About this task:
If a record below holds a picture, drop the picture and copy everything else exactly.
━━ Input for this task
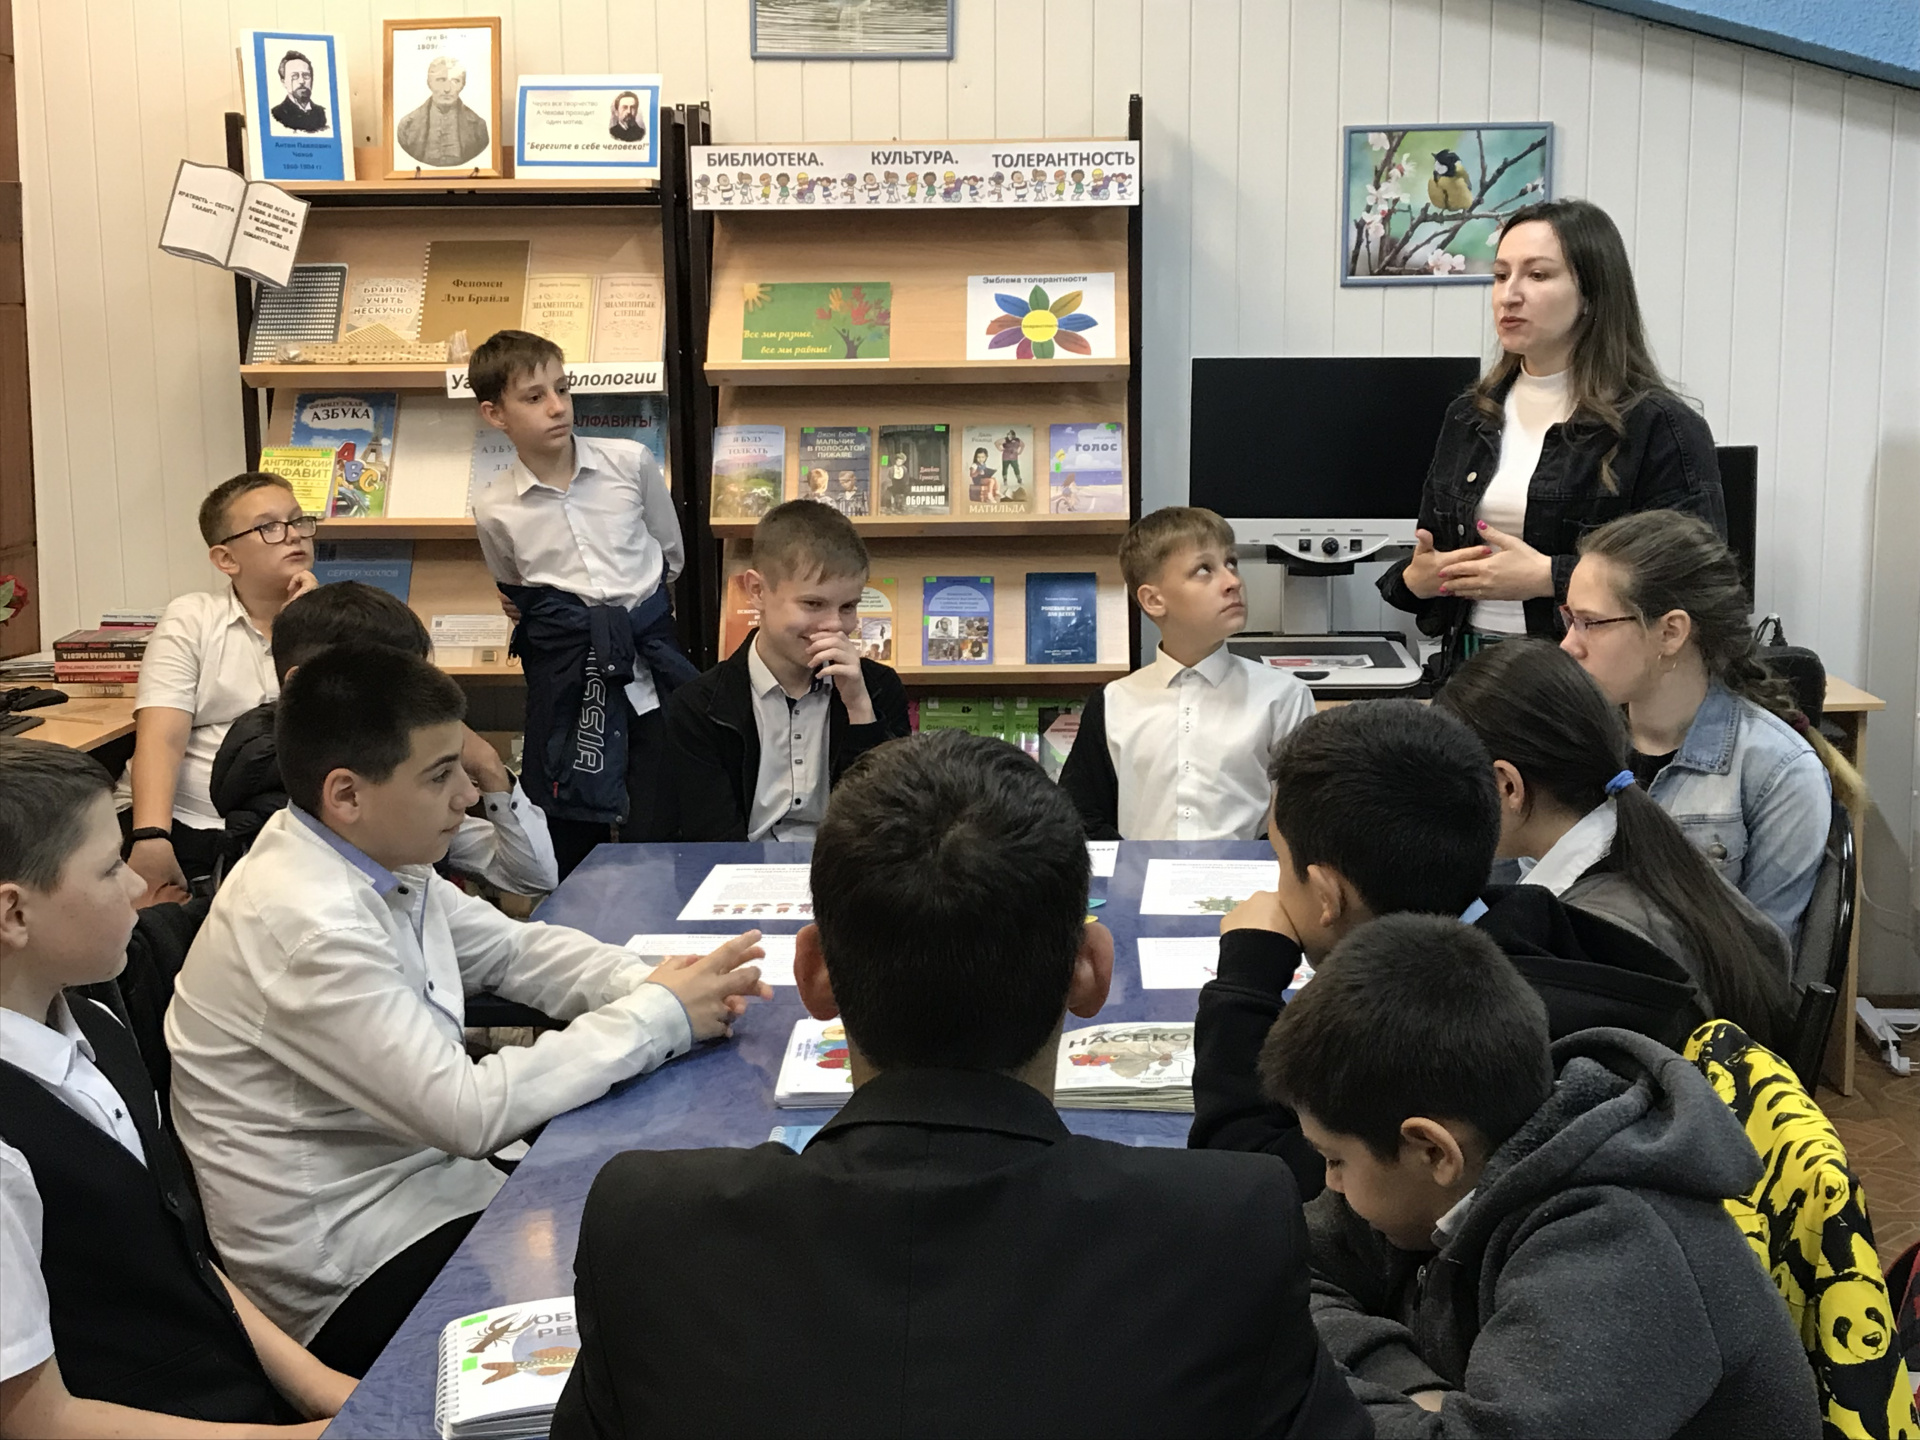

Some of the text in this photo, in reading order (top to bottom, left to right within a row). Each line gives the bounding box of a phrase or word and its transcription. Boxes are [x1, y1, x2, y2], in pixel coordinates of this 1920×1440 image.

[581, 142, 601, 150] себе
[706, 150, 1136, 169] БИБЛИОТЕКА. КУЛЬТУРА. ТОЛЕРАНТНОСТЬ
[178, 190, 209, 205] КРАТКОСТЬ
[214, 201, 236, 213] СЕСТРА
[452, 278, 504, 288] Феномен
[982, 275, 1088, 285] Эмблема толерантности
[363, 286, 407, 294] БРАЙЛЬ
[441, 293, 510, 304] Луи Брайля
[531, 301, 585, 309] ЗНАМЕНИТЫЕ
[604, 301, 657, 309] ЗНАМЕНИТЫЕ
[353, 307, 413, 316] НЕСКУЧНО
[542, 310, 574, 318] СЛЕПЫЕ
[614, 309, 646, 317] СЛЕПЫЕ
[743, 330, 760, 339] Все
[778, 331, 814, 341] разные,
[760, 345, 776, 354] все
[794, 345, 833, 356] равные!
[566, 370, 657, 391] флологии
[308, 401, 363, 410] ФРАНЦУЗСКАЯ
[311, 408, 371, 422] АЗБУКА
[481, 445, 513, 454] АЗБУ
[728, 447, 768, 455] ТОЛКАТЬ
[815, 444, 865, 452] ПОЛОСАТОЙ
[262, 459, 332, 468] АНГЛИЙСКИЙ
[263, 467, 331, 479] АЛФАВИТ
[911, 484, 945, 492] МАЛЕНЬКИЙ
[905, 496, 946, 506] ОБОРВЫШ
[969, 504, 1026, 514] МАТИЛЬДА
[326, 569, 399, 577] СЕРГЕЙ ХОХЛОВ
[1068, 1033, 1192, 1049] НАСЕКО
━━━━
Response box:
Some of the text in this photo, in reading order (top to bottom, left to right within a row). Each line gives the bounding box of a phrase or word and its transcription. Boxes are [x1, y1, x2, y2], in pixel coordinates of this 1920×1440 image.

[581, 142, 601, 150] себе
[706, 150, 1136, 169] БИБЛИОТЕКА. КУЛЬТУРА. ТОЛЕРАНТНОСТЬ
[178, 190, 209, 205] КРАТКОСТЬ
[214, 201, 236, 213] СЕСТРА
[452, 278, 504, 288] Феномен
[982, 275, 1088, 285] Эмблема толерантности
[363, 286, 407, 294] БРАЙЛЬ
[441, 293, 510, 304] Луи Брайля
[531, 301, 585, 309] ЗНАМЕНИТЫЕ
[604, 301, 657, 309] ЗНАМЕНИТЫЕ
[353, 307, 413, 316] НЕСКУЧНО
[542, 310, 574, 318] СЛЕПЫЕ
[614, 309, 646, 317] СЛЕПЫЕ
[743, 330, 760, 339] Все
[778, 331, 814, 341] разные,
[760, 345, 776, 354] все
[794, 345, 833, 356] равные!
[566, 370, 657, 391] флологии
[308, 401, 363, 410] ФРАНЦУЗСКАЯ
[311, 408, 371, 422] АЗБУКА
[481, 445, 513, 454] АЗБУ
[728, 447, 768, 455] ТОЛКАТЬ
[815, 444, 865, 452] ПОЛОСАТОЙ
[262, 459, 332, 468] АНГЛИЙСКИЙ
[263, 467, 331, 479] АЛФАВИТ
[911, 484, 945, 492] МАЛЕНЬКИЙ
[905, 496, 946, 506] ОБОРВЫШ
[969, 504, 1026, 514] МАТИЛЬДА
[326, 569, 399, 577] СЕРГЕЙ ХОХЛОВ
[1068, 1033, 1192, 1049] НАСЕКО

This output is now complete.